Necessary and Sufficient Condition for \(A_1 + B_1 = A_2 + B_2 = \dots = A_N + B_N = z\)

First, for a fixed integer \(z\), consider the necessary and sufficient condition for it to be possible to have \(A_1 + B_1 = A_2 + B_2 = \dots = A_N + B_N = z\). Eventually, all elements of \(A\) and \(B\) must be non-negative, so we need \(z \geq \max\{A_1,A_2,\dots,A_N,B_1,B_2,\dots,B_N\}\). From here on, assume this requirement is satisfied.

We may assume that among the three operations, the rearrangement of \(A\) is performed first. Once \(A\) has been rearranged, the necessary and sufficient condition for it to be possible to replace any \(-1\) in \(A\) or \(B\) with suitable non-negative integers so that \(A_1 + B_1 = \dots = A_N + B_N = z\) holds is:

• For each \(i\) \((1\leq i\leq N)\), if \(A_i \neq -1\) and \(B_i \neq -1\), then \(A_i + B_i = z\).

Let \(f(z)\) be the maximum possible number of positions \(i\) such that \(A_i \neq -1\), \(B_i \neq -1\), and \(A_i + B_i = z\) after rearranging \(A\).
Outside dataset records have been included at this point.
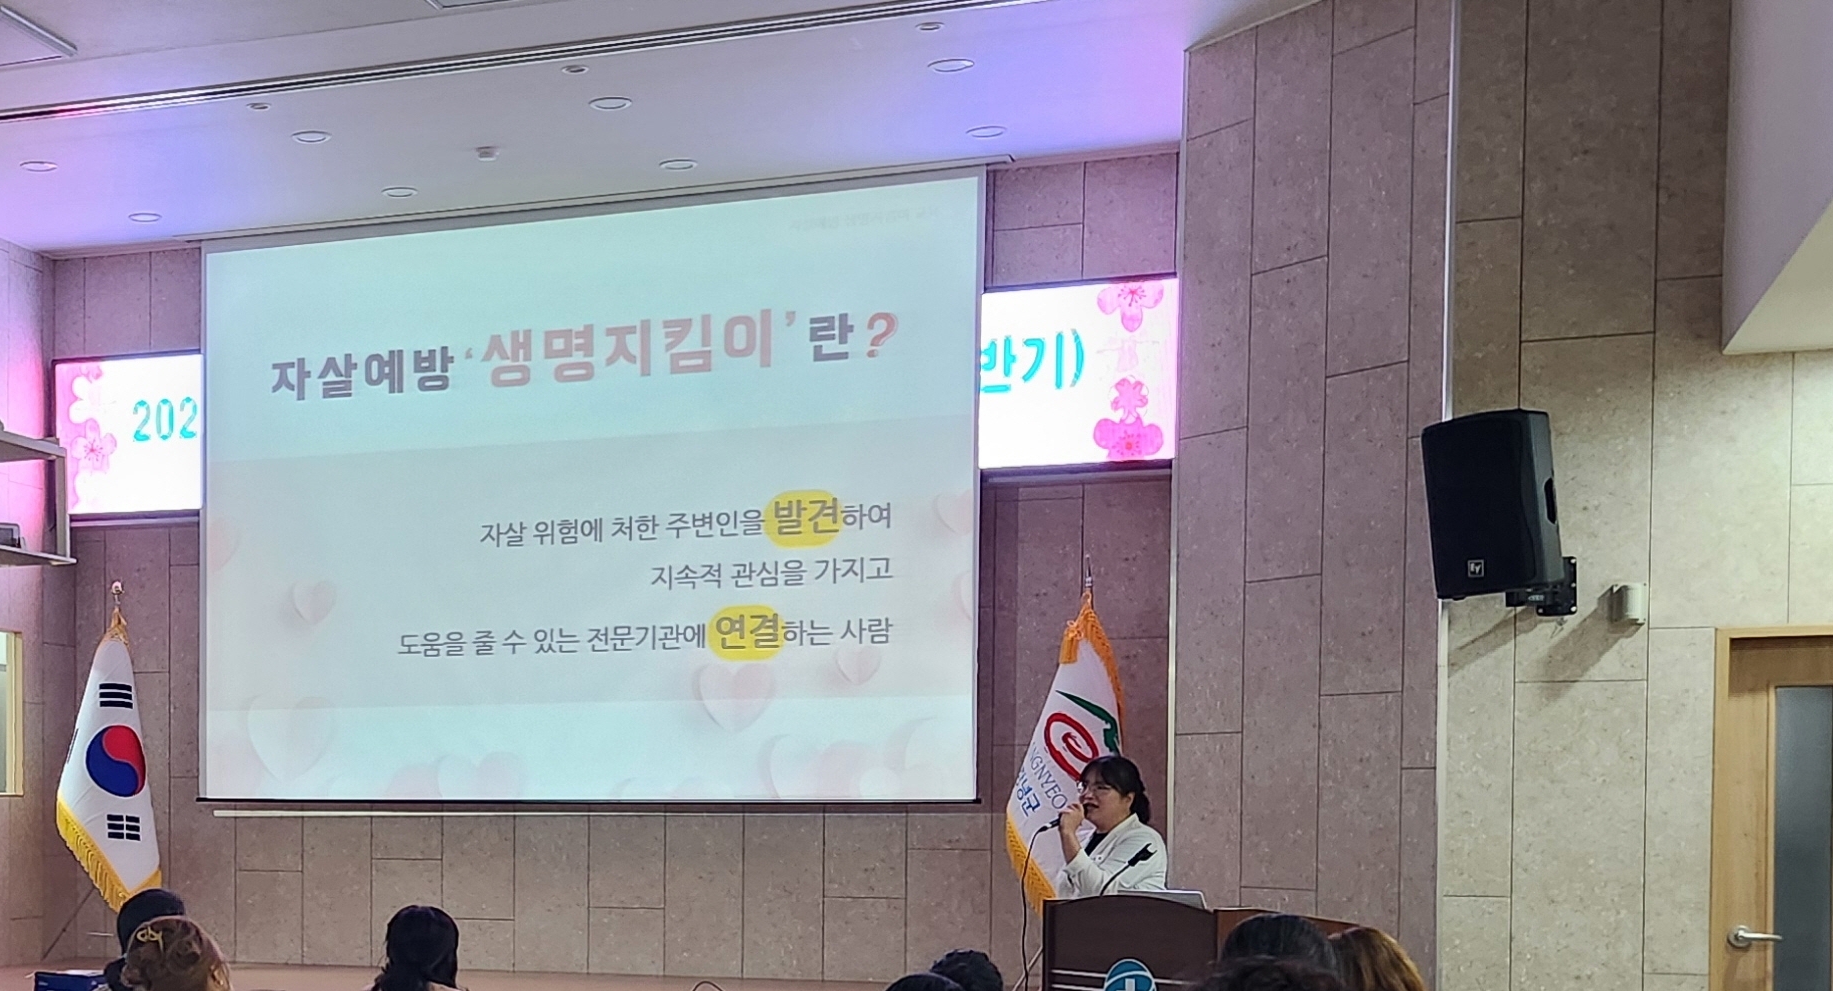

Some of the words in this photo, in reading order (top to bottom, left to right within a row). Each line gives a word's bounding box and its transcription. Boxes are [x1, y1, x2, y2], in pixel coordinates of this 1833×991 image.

[271, 346, 455, 401] 자살예방
[480, 521, 528, 548] 자살
[533, 517, 603, 546] 위험에
[611, 514, 660, 542] 처한
[665, 509, 765, 539] 주변인을
[774, 497, 892, 536] 발견하여
[651, 562, 722, 591] 지속적
[730, 559, 808, 588] 관심을
[814, 556, 894, 585] 가지고
[397, 631, 468, 658] 도움을
[472, 630, 497, 656] 줄
[502, 629, 527, 655] 수
[533, 627, 581, 654] 있는
[586, 622, 707, 653] 전문기관에
[715, 612, 834, 650] 연결하는
[840, 617, 894, 645] 사람
If the total number of \(-1\) in \(A\) and \(B\) combined is at least \(N - f(z)\), then and only then can we rearrange \(A\) in such a way that the above condition is satisfied.
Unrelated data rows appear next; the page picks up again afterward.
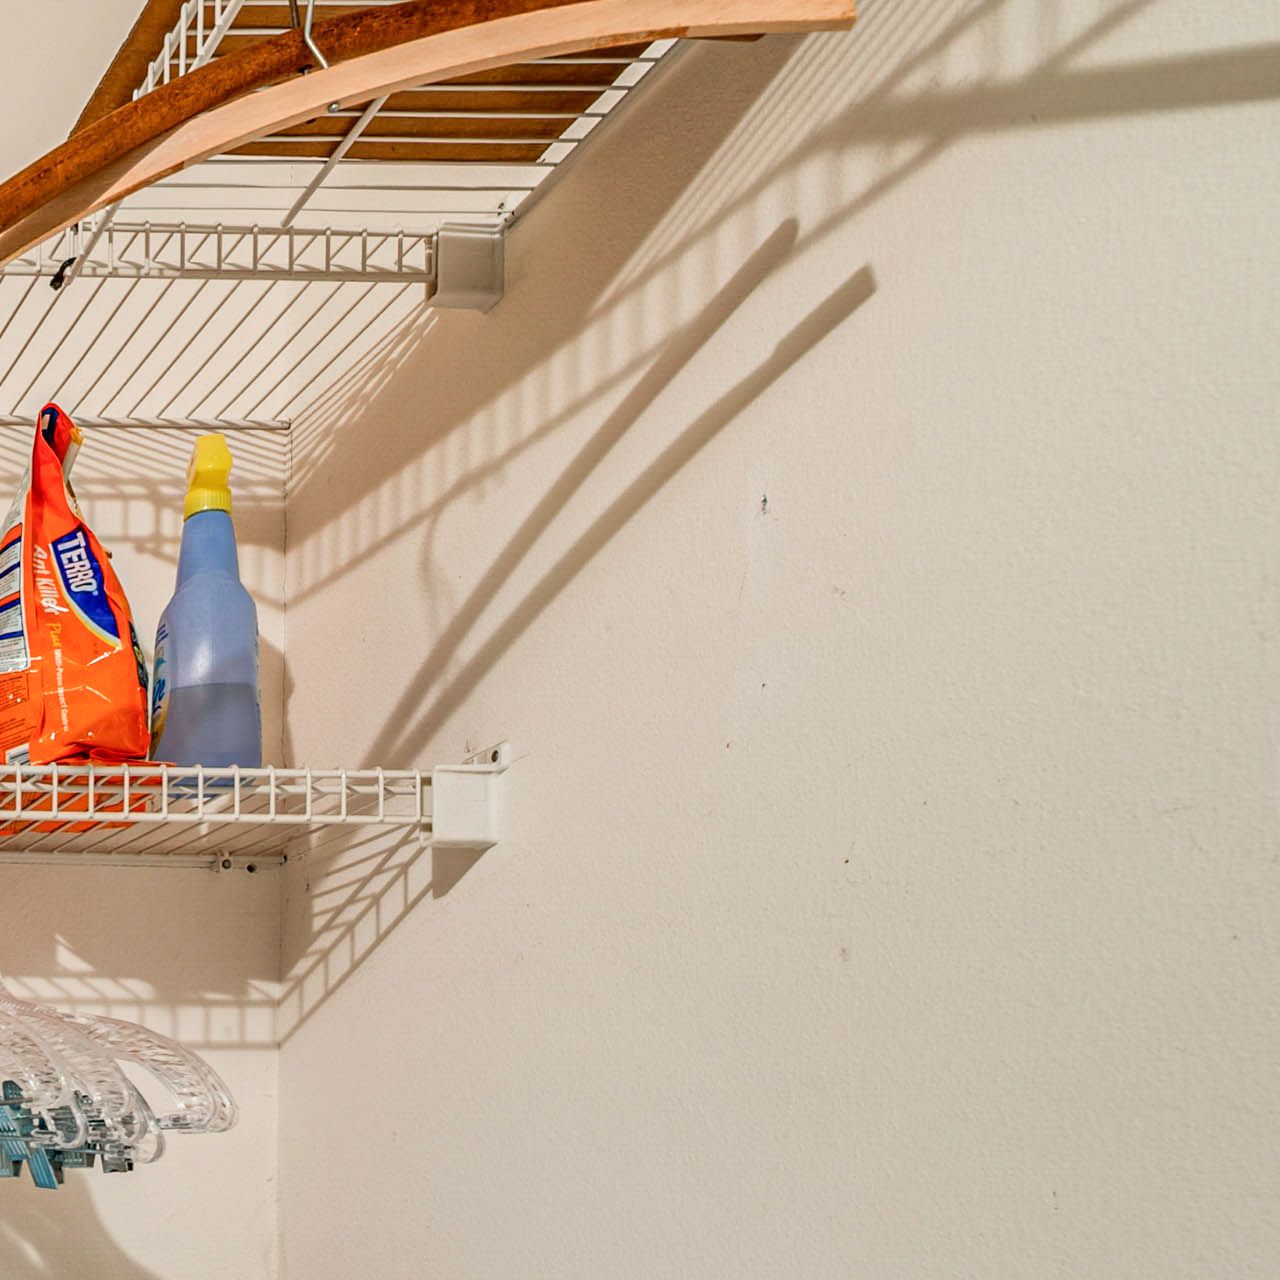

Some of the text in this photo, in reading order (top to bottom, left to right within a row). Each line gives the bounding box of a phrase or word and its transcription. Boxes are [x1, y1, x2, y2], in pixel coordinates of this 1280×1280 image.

[33, 544, 63, 615] Ant Killer
[57, 531, 97, 593] TERRO
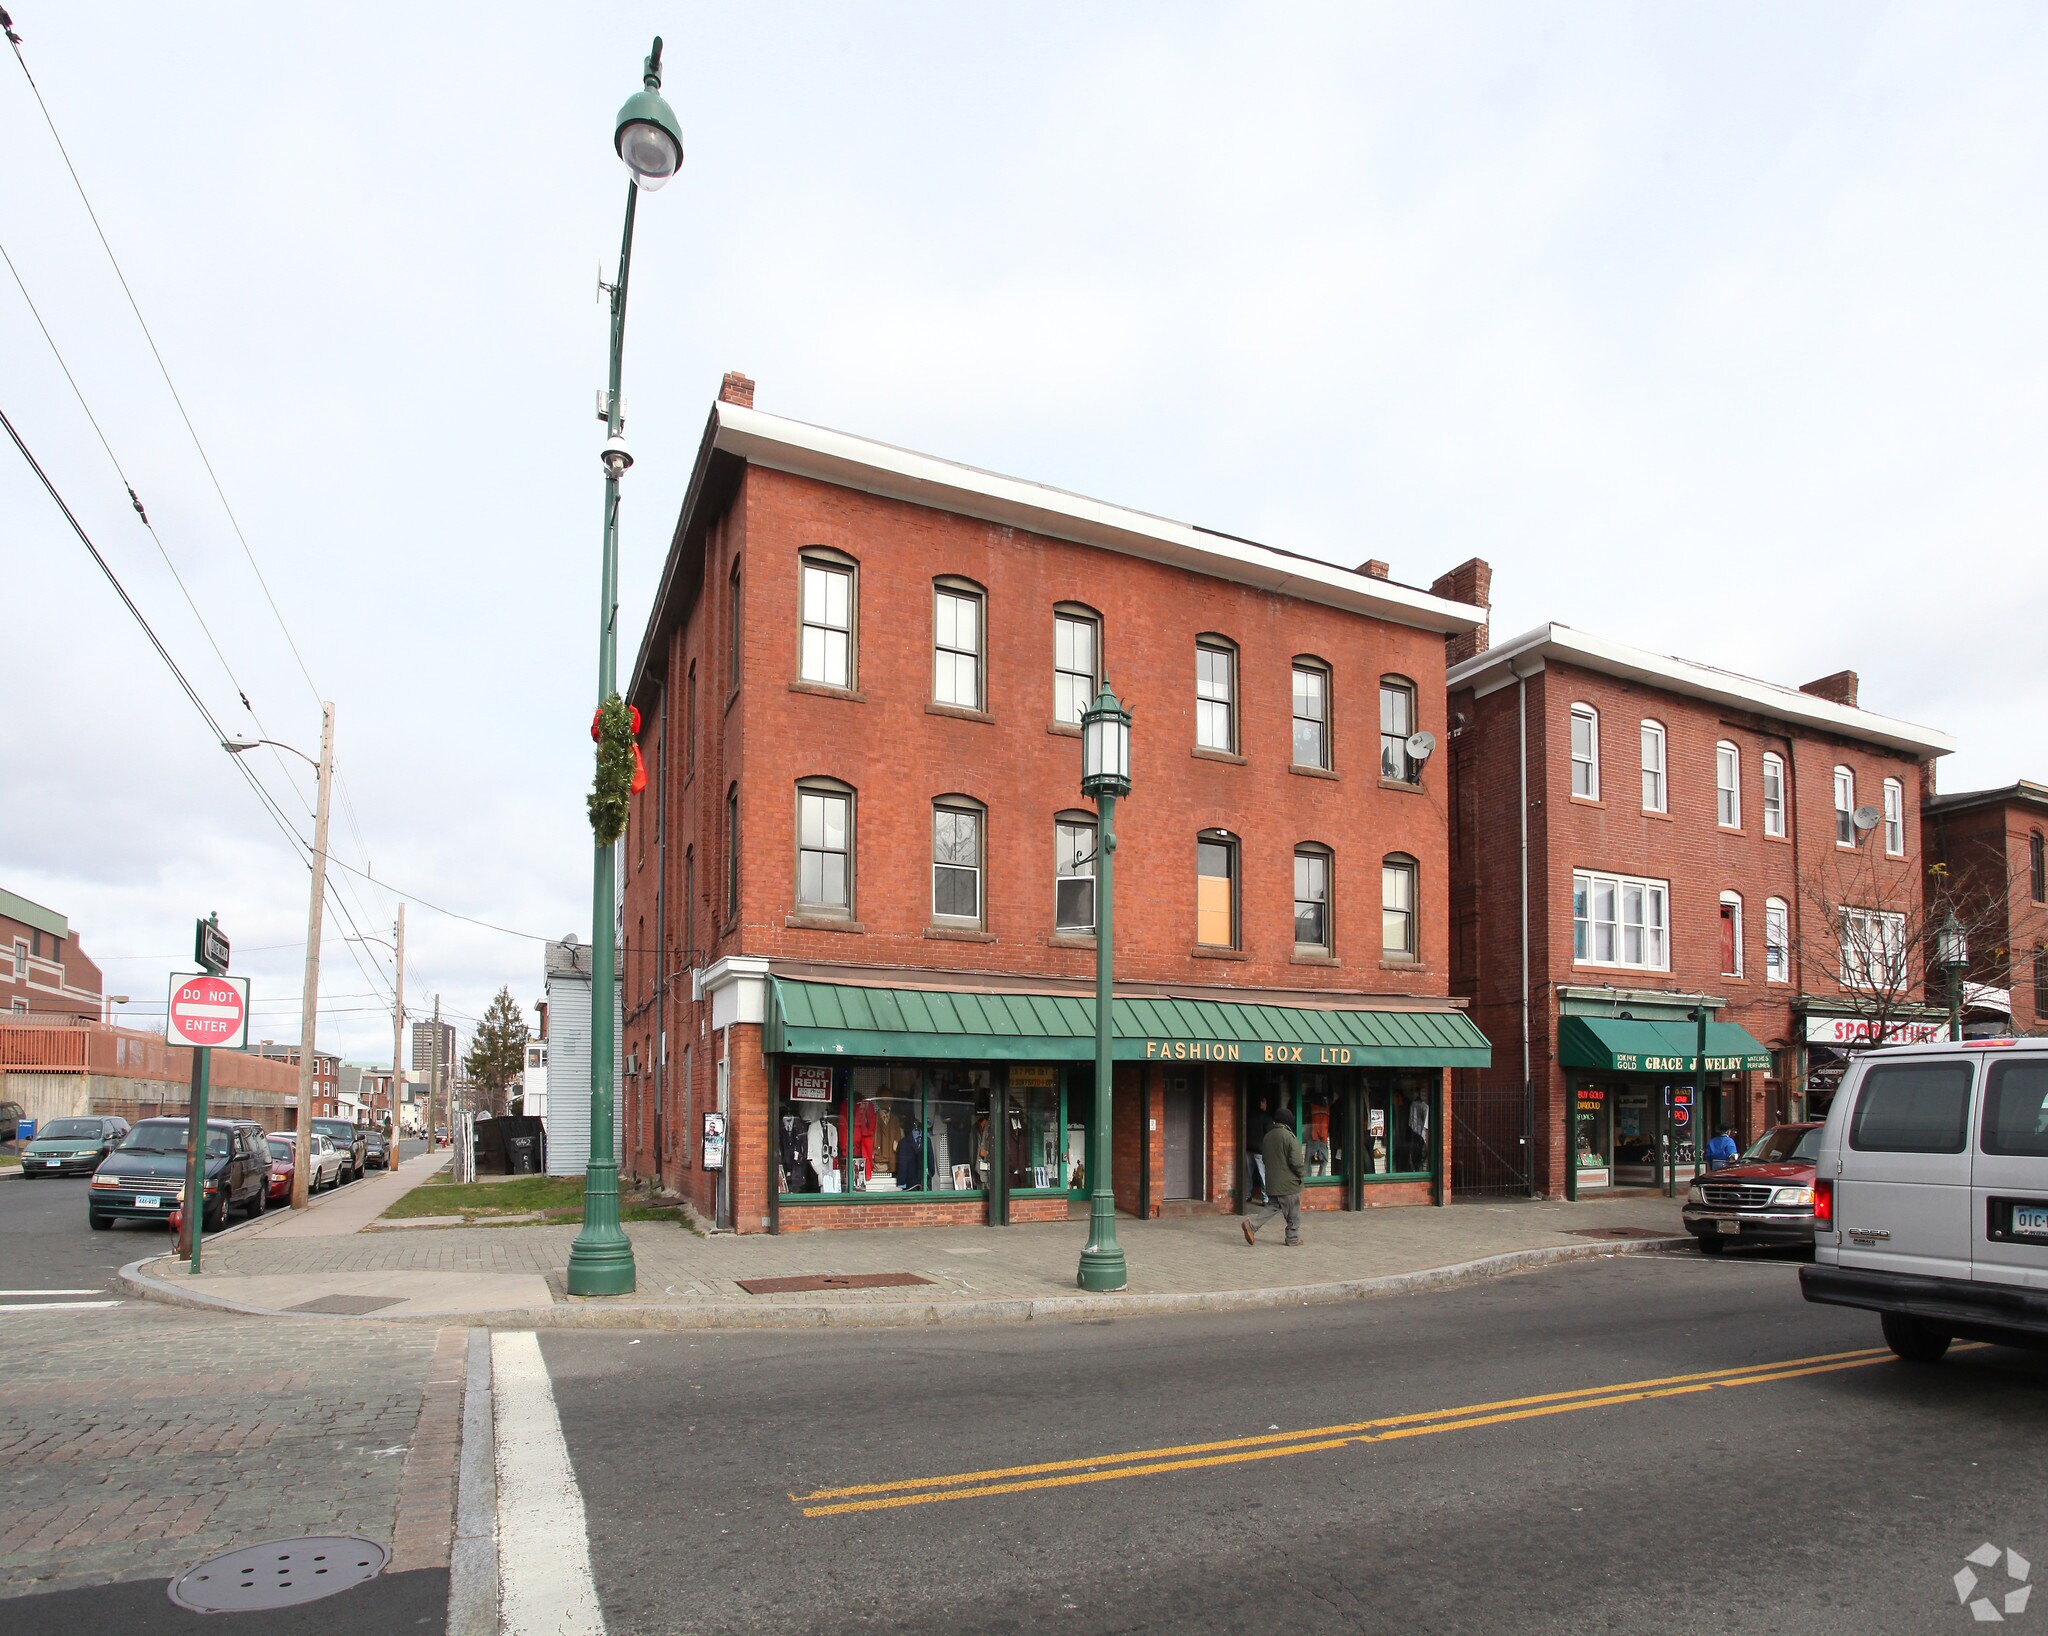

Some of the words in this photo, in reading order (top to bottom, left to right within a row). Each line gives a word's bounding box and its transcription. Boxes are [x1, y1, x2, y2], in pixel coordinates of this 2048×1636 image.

[183, 989, 201, 1000] DO
[209, 991, 235, 1003] NOT
[185, 1019, 227, 1033] ENTER
[1146, 1041, 1240, 1060] FASHION
[1264, 1045, 1303, 1062] BOX
[1320, 1047, 1351, 1064] LTD
[1617, 1061, 1637, 1070] GOLD
[1645, 1056, 1683, 1070] GRACE
[1689, 1057, 1742, 1070] JWELRY
[799, 1068, 825, 1079] FOR
[794, 1077, 829, 1088] RENT
[1577, 1090, 1588, 1099] BUY
[1589, 1090, 1604, 1100] GOLD
[1674, 1110, 1687, 1121] PEN
Hence, for an integer \(z\), the necessary and sufficient condition to achieve \(A_1 + B_1 = \dots = A_N + B_N = z\) is:

• \(z \geq \max\{A_1,A_2,\dots,A_N,B_1,B_2,\dots,B_N\}\),
• \(f(z) \geq N - a(-1) - b(-1)\).

Moreover, \(f(z)\) can be written as

\[ f(z) = \sum_{x=0}^{z} \min\{\, a(x),\, b(z-x)\}. \]

Solution

There are at most \(N\) distinct non-negative integers \(x\) for which \(a(x)\geq 1\), and at most \(N\) distinct non-negative integers \(y\) for which \(b(y)\geq 1\). By enumerating all such pairs \((x,y)\), you can find all \(z\) for which \(f(z)\geq 1\). Using a map or similar data structure, the overall complexity will be \(\mathrm{O}(N^2)\) or \(\mathrm{O}(N^2 \log N)\).